PROBLEM DETAILS =>
Output each record exactly, with nothing omitted.

SOURCE INFORMATION =>

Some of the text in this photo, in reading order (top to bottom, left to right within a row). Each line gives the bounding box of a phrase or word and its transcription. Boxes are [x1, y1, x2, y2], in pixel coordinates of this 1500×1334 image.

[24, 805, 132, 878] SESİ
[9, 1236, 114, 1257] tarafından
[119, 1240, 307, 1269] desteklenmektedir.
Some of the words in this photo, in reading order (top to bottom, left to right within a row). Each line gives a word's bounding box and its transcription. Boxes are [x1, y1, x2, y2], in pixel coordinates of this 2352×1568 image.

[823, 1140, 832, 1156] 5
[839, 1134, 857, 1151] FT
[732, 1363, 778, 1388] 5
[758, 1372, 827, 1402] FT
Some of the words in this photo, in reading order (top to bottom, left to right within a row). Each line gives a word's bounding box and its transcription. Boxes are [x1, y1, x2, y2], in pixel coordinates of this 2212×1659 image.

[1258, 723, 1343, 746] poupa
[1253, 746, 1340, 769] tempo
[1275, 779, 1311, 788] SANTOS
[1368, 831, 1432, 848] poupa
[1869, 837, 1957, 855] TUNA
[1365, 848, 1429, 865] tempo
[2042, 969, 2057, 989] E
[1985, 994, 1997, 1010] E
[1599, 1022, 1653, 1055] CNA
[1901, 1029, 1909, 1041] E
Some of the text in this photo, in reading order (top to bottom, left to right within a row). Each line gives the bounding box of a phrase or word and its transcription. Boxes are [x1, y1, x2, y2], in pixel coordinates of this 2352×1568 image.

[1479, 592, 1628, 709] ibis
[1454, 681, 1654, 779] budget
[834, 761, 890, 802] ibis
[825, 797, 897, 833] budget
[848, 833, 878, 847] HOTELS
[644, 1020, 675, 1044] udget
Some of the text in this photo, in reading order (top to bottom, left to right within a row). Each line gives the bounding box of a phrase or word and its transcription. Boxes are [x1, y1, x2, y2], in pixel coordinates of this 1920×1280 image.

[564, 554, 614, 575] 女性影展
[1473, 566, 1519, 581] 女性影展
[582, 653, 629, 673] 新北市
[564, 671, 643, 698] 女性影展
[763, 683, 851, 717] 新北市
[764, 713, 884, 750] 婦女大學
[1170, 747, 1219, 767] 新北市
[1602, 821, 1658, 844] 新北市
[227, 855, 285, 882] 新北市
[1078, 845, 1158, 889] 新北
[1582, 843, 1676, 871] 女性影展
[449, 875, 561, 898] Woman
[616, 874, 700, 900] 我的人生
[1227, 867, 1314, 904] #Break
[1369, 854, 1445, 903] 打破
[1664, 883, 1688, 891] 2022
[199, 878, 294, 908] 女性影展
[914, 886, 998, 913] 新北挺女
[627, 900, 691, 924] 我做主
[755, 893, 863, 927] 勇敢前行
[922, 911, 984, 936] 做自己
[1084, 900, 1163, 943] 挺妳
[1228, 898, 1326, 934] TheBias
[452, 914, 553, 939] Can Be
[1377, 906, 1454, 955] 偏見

SOLUTION =>
Some of the text in this photo, in reading order (top to bottom, left to right within a row). Each line gives the bounding box of a phrase or word and its transcription. Boxes are [x1, y1, x2, y2], in pixel coordinates of this 1500×1334 image.

[24, 805, 132, 878] SESİ
[9, 1236, 114, 1257] tarafından
[119, 1240, 307, 1269] desteklenmektedir.
Some of the words in this photo, in reading order (top to bottom, left to right within a row). Each line gives a word's bounding box and its transcription. Boxes are [x1, y1, x2, y2], in pixel coordinates of this 2352×1568 image.

[823, 1140, 832, 1156] 5
[839, 1134, 857, 1151] FT
[732, 1363, 778, 1388] 5
[758, 1372, 827, 1402] FT
Some of the words in this photo, in reading order (top to bottom, left to right within a row). Each line gives a word's bounding box and its transcription. Boxes are [x1, y1, x2, y2], in pixel coordinates of this 2212×1659 image.

[1258, 723, 1343, 746] poupa
[1253, 746, 1340, 769] tempo
[1275, 779, 1311, 788] SANTOS
[1368, 831, 1432, 848] poupa
[1869, 837, 1957, 855] TUNA
[1365, 848, 1429, 865] tempo
[2042, 969, 2057, 989] E
[1985, 994, 1997, 1010] E
[1599, 1022, 1653, 1055] CNA
[1901, 1029, 1909, 1041] E
Some of the text in this photo, in reading order (top to bottom, left to right within a row). Each line gives the bounding box of a phrase or word and its transcription. Boxes are [x1, y1, x2, y2], in pixel coordinates of this 2352×1568 image.

[1479, 592, 1628, 709] ibis
[1454, 681, 1654, 779] budget
[834, 761, 890, 802] ibis
[825, 797, 897, 833] budget
[848, 833, 878, 847] HOTELS
[644, 1020, 675, 1044] udget
Some of the text in this photo, in reading order (top to bottom, left to right within a row). Each line gives the bounding box of a phrase or word and its transcription. Boxes are [x1, y1, x2, y2], in pixel coordinates of this 1920×1280 image.

[564, 554, 614, 575] 女性影展
[1473, 566, 1519, 581] 女性影展
[582, 653, 629, 673] 新北市
[564, 671, 643, 698] 女性影展
[763, 683, 851, 717] 新北市
[764, 713, 884, 750] 婦女大學
[1170, 747, 1219, 767] 新北市
[1602, 821, 1658, 844] 新北市
[227, 855, 285, 882] 新北市
[1078, 845, 1158, 889] 新北
[1582, 843, 1676, 871] 女性影展
[449, 875, 561, 898] Woman
[616, 874, 700, 900] 我的人生
[1227, 867, 1314, 904] #Break
[1369, 854, 1445, 903] 打破
[1664, 883, 1688, 891] 2022
[199, 878, 294, 908] 女性影展
[914, 886, 998, 913] 新北挺女
[627, 900, 691, 924] 我做主
[755, 893, 863, 927] 勇敢前行
[922, 911, 984, 936] 做自己
[1084, 900, 1163, 943] 挺妳
[1228, 898, 1326, 934] TheBias
[452, 914, 553, 939] Can Be
[1377, 906, 1454, 955] 偏見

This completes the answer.